__Work instruction__: Please write out the line containing "this 1920×1440 image." and each line after it through the end of the data, exactly, and nothing else.

++++++

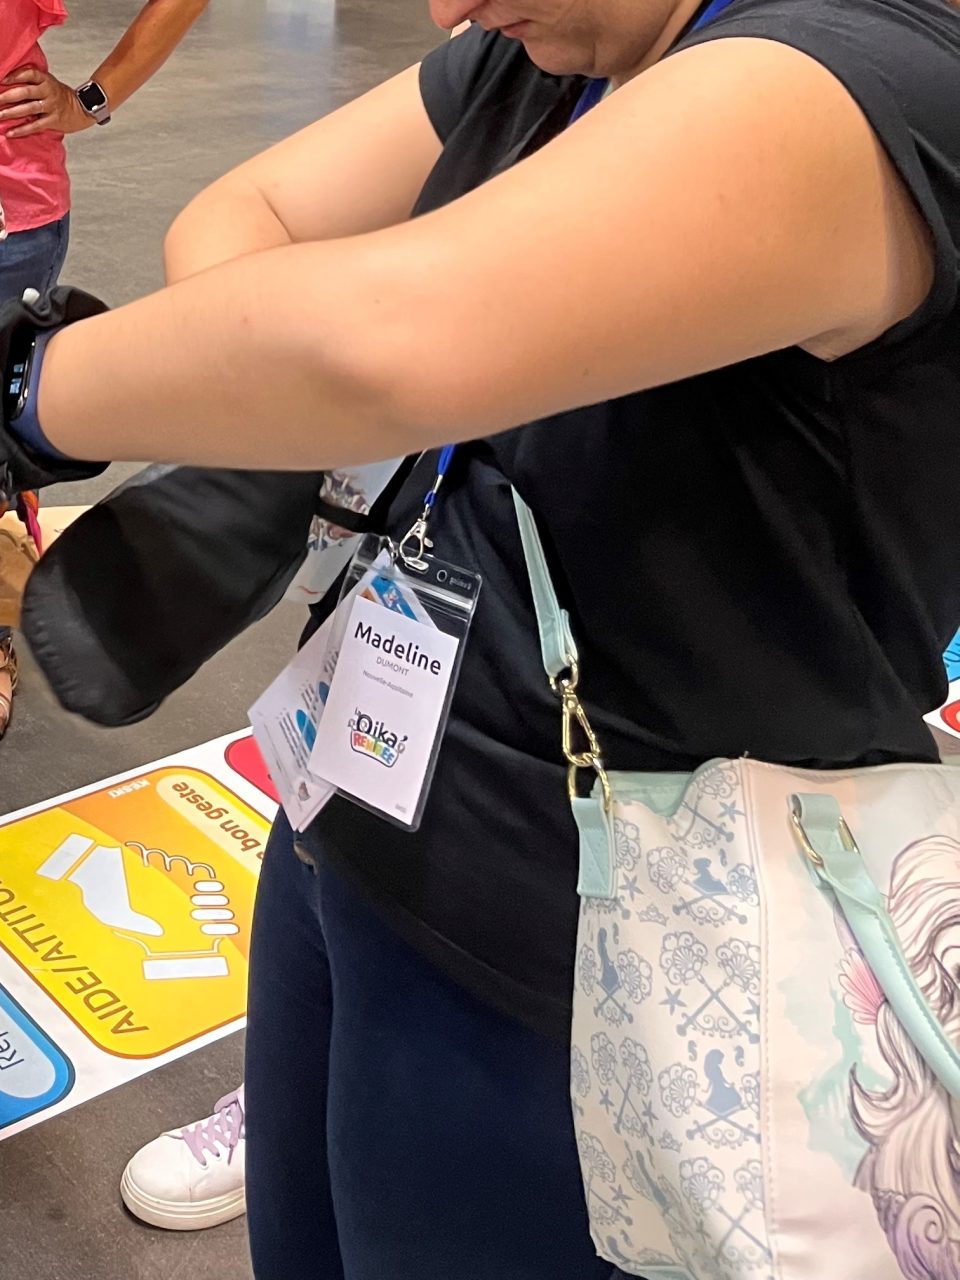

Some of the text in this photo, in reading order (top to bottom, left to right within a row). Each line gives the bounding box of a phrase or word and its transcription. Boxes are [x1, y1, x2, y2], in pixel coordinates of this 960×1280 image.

[354, 620, 441, 675] Madeline
[376, 656, 410, 677] DUMONT
[171, 780, 262, 853] bon geste
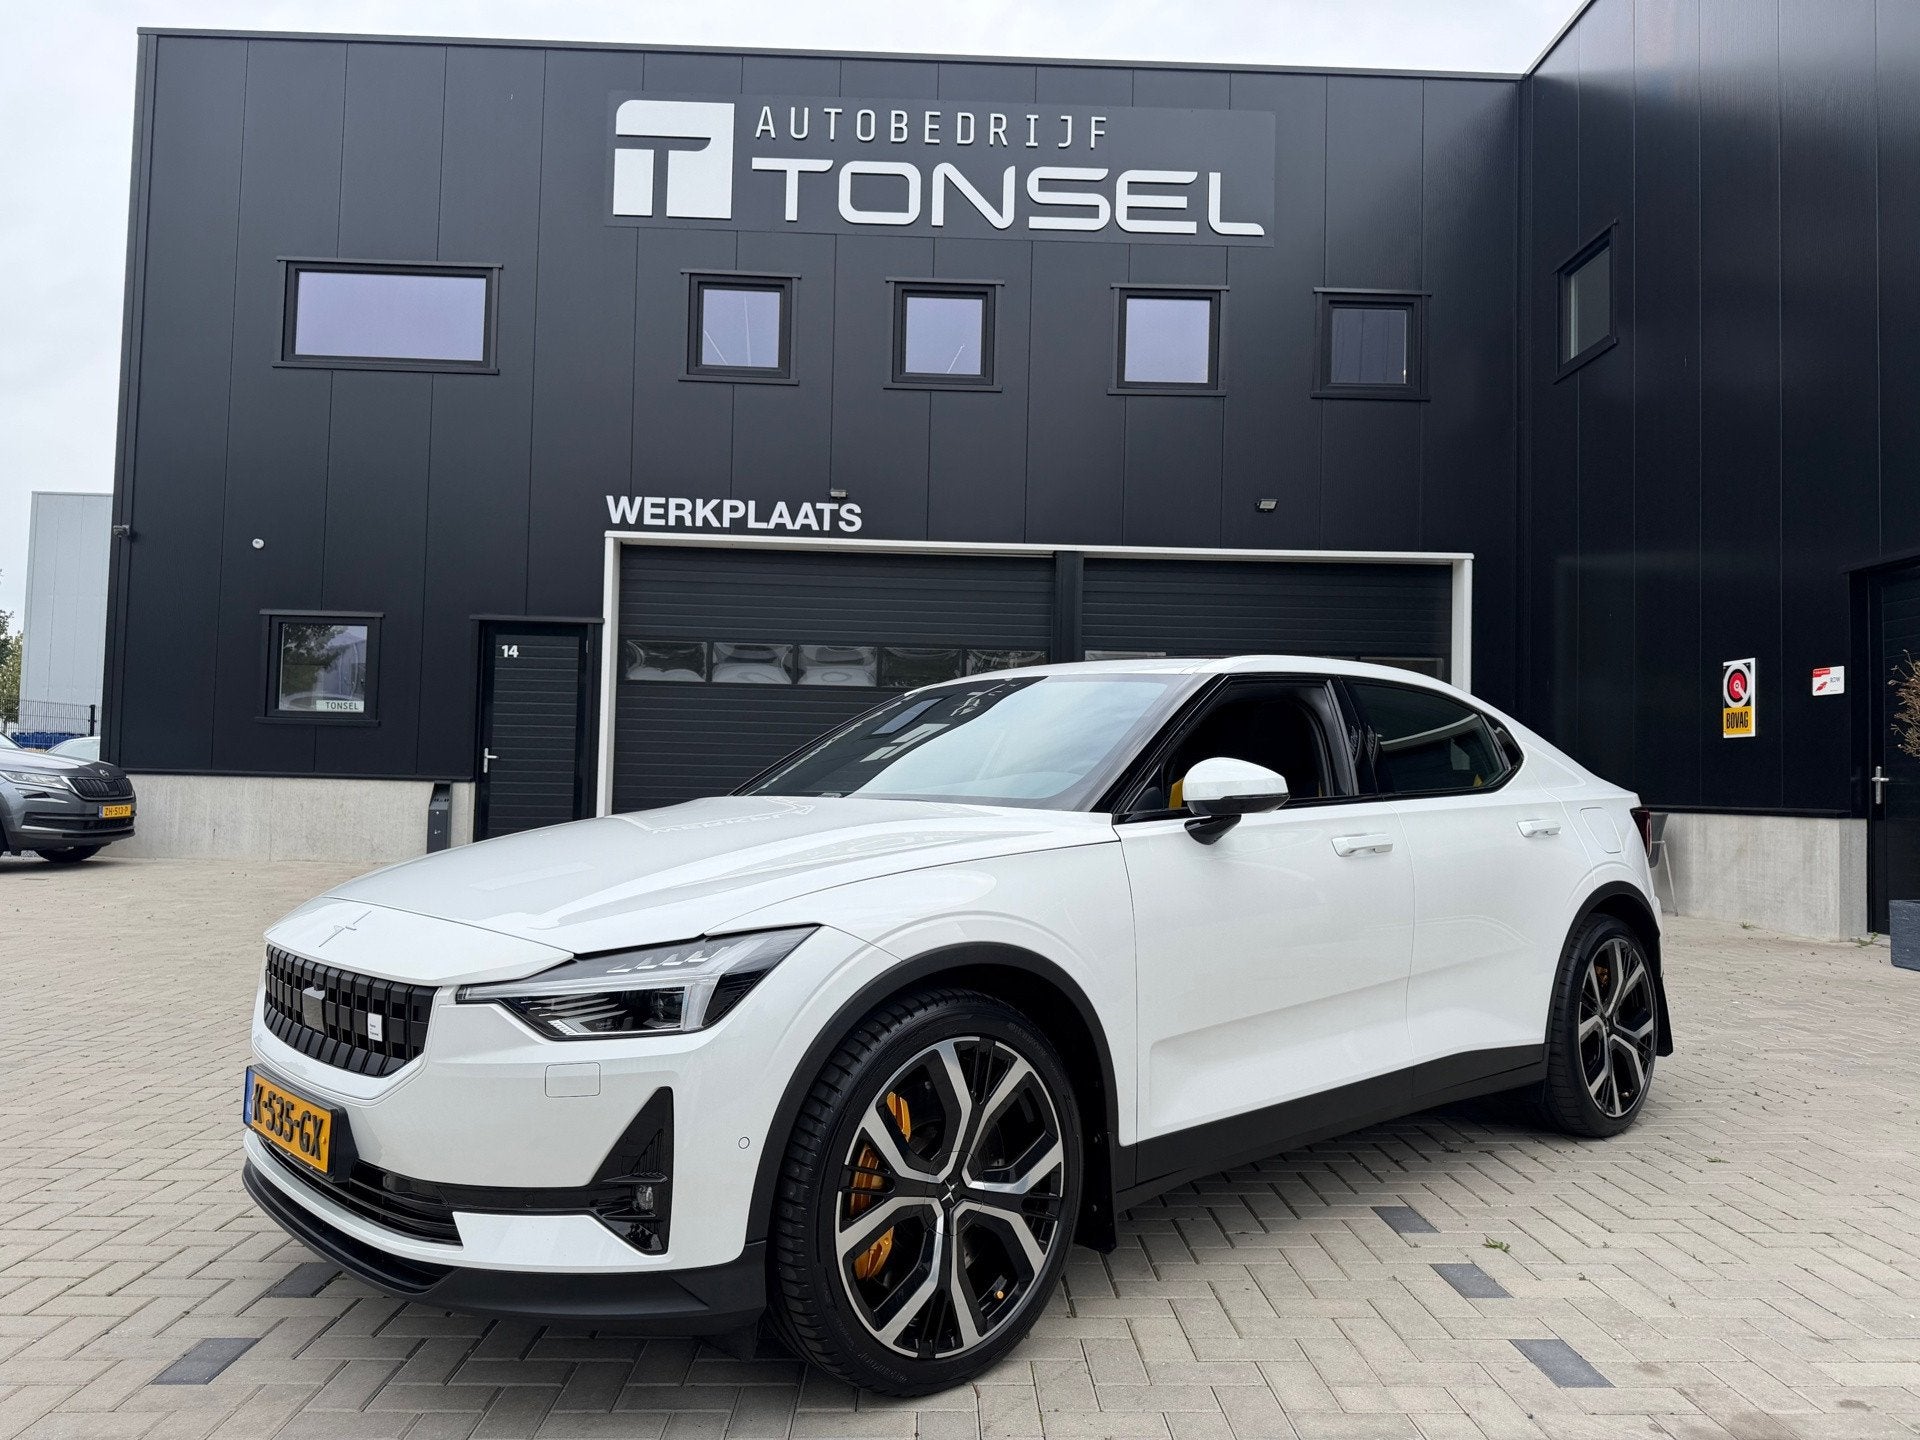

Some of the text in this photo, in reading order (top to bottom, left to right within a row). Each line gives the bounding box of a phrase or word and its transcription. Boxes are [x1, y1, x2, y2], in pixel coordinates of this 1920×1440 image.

[755, 105, 1107, 149] AUTOBEDRIJF
[752, 156, 1266, 236] TONSEL
[605, 494, 862, 533] WERKPLAATS
[501, 644, 519, 658] 14
[325, 701, 358, 710] TONSEL
[1726, 711, 1749, 729] BOVAG
[253, 1083, 324, 1161] K-535-GX

++++++

__Solution below__:
Some of the text in this photo, in reading order (top to bottom, left to right within a row). Each line gives the bounding box of a phrase or word and its transcription. Boxes are [x1, y1, x2, y2], in pixel coordinates of this 1920×1440 image.

[755, 105, 1107, 149] AUTOBEDRIJF
[752, 156, 1266, 236] TONSEL
[605, 494, 862, 533] WERKPLAATS
[501, 644, 519, 658] 14
[325, 701, 358, 710] TONSEL
[1726, 711, 1749, 729] BOVAG
[253, 1083, 324, 1161] K-535-GX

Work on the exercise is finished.